After graduation, Taiwo initially worked at a Lethbridge radio station but says she quickly realized she wasn’t welcome there. So she found another job and applied to the University of Lethbridge to study sociology, and from there embarked on a career in corrections.
What she learned at the college helped form her subsequent career in juvenile delinquency and rehabilitation, where she had a successful career dedicated to serving troubled youth. Working for the Government of Alberta – Justice and Solicitor General from 1984 to 2015 allowed for many opportunities to expand into leadership roles. It also led to several awards, like the Corrections Exemplary Service medal award in 2008 and the Corrections Exemplary Service bar award in 2015, among others.
Taiwo achieved this success despite facing some who tried to hold her back. Harter, Taiwo’s neighbour, has taken up these issues as teachable moments on white privilege.
“Moji’s story is significant to understand how much overt racism there is for people who are not Caucasian.” - Christi Harter
“Moji’s story is significant to understand how much overt racism there is for people who are not Caucasian,” says Harter, who adds that Taiwo’s life story is an example of what’s possible if you work hard and connect with people from a place of compassion and understanding. Harter also plans to share parts of Moji’s story in the courses she teaches in the education department at the University of Calgary. “Moji says in her book how immigrants don’t often assimilate themselves as much as they could in a new country, and she’s gone above and beyond to make other foreigners more comfortable in Canada,” says Harter.
Those who know Taiwo attest that she makes you feel motivated about helping others. “Her invitation to her family (her three children and three grandchildren) and the community is very exciting,” says Harter, an immigrant herself from the United States. Some of Taiwo’s community involvement includes projects like co-founding the Nigerian Canadian Association of Calgary in 1993, serving as a board member on the Lethbridge College Correctional Studies Advisory Committee from 2012 to 2015, and working many years as a volunteer at her children’s school, and also supporting immigrants, women and the homeless.

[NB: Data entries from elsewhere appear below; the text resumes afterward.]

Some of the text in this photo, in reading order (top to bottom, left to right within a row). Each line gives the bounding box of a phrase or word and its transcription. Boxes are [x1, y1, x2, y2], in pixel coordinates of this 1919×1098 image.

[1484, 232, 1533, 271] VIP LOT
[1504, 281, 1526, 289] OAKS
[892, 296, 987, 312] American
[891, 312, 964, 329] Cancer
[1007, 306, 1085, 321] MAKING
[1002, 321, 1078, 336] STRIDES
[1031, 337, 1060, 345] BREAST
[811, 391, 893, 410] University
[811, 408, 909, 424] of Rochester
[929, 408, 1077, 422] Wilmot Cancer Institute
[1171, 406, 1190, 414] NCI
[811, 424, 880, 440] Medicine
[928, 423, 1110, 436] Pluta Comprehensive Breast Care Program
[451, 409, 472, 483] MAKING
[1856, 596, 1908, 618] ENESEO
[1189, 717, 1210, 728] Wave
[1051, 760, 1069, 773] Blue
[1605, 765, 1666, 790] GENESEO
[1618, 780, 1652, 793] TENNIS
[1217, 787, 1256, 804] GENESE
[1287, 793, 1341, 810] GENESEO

“She never says no to render service to the community,” says Kareem, Taiwo’s friend from the NCAC. He found that Taiwo’s participation alone helps gather more people to help out for charitable causes. “It’s her attitude of, ‘I can do it,’ and it helps you want to do it as well. If she can, why can’t I? She’s highly influential,” says Kareem. Taiwo has helped countless new immigrants acclimatize to Canada, and as Kareem says, she has pointed people in the right direction to get their new lives started.

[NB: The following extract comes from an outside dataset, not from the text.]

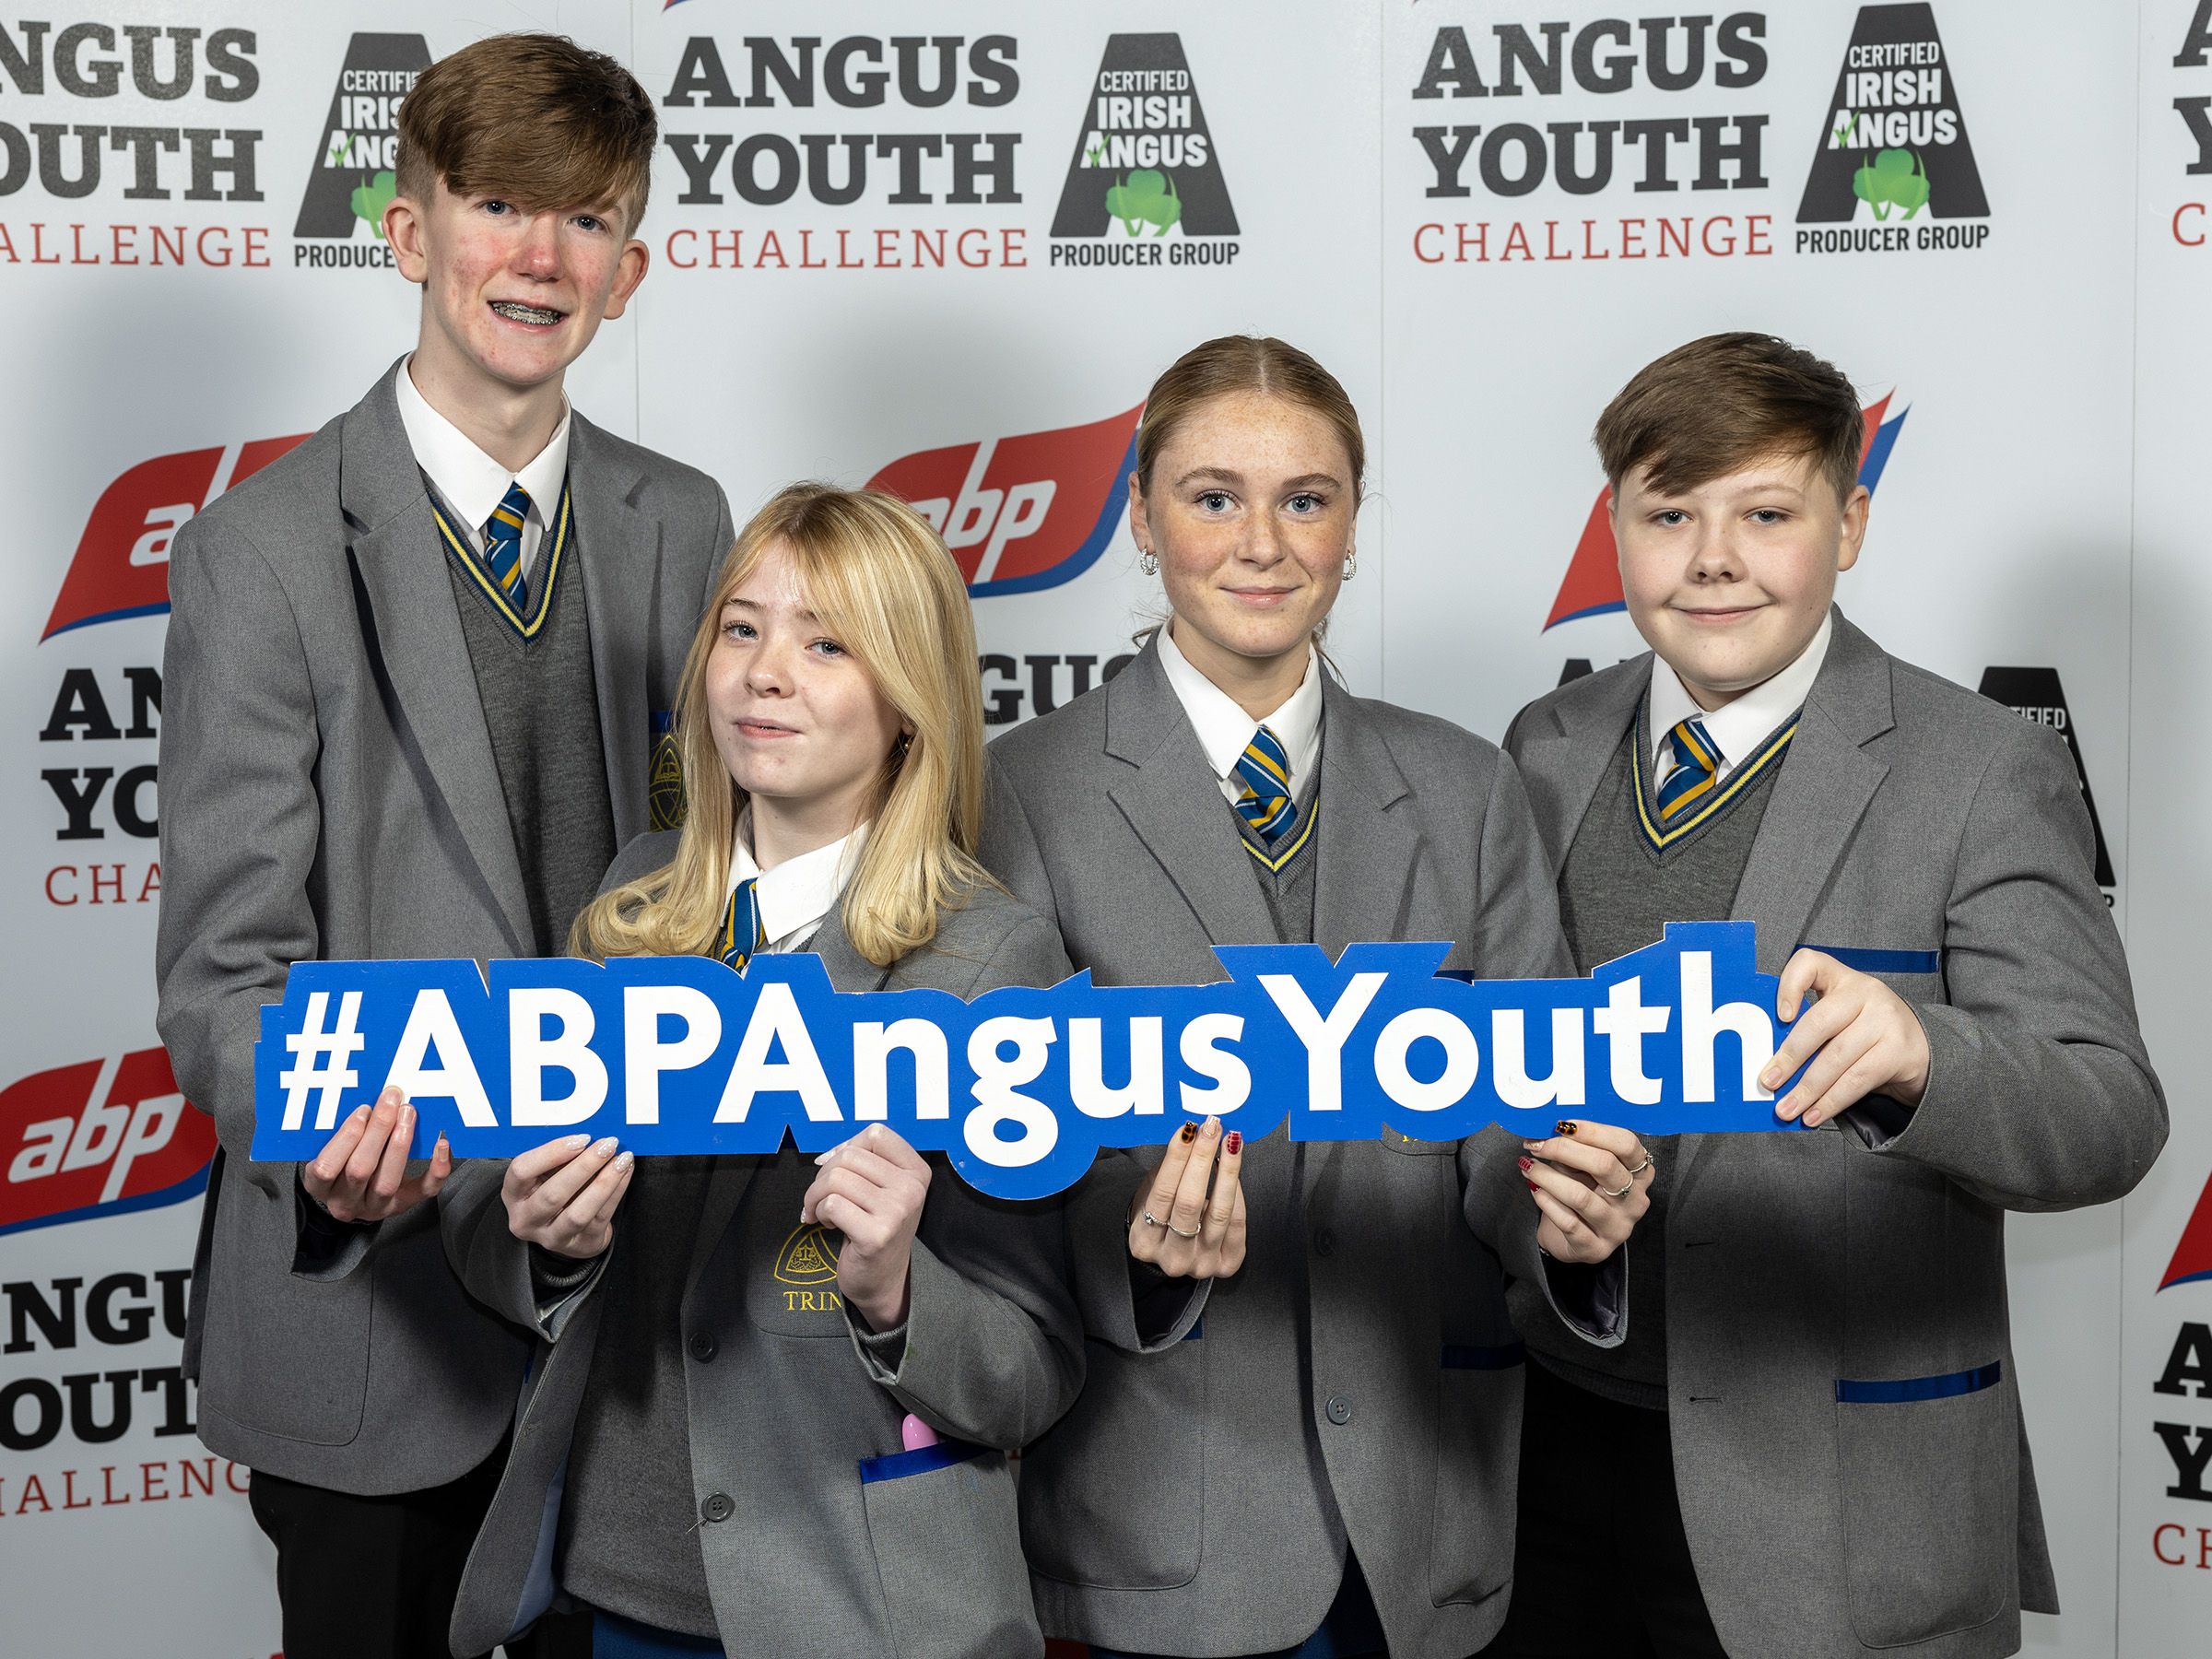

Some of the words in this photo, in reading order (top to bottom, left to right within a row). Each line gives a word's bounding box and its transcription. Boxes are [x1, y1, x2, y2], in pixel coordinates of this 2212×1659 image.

For those who aren’t sure of their direction, Taiwo’s journey can be a source of guidance. Her advice? Start with the basics and go from there. “Don’t pigeonhole yourself,” she says. “Even if you are unsure right now, take those foundational courses; they will enlighten you. And you will begin to see where your passion and interest falls.”
Taiwo says her life’s work attests to what can happen when you follow your dreams and work hard to see yourself through. And – with plans to create a foundation or two in the next five years to help women and youth as well as ideas for another book – it’s clear she is far from finished.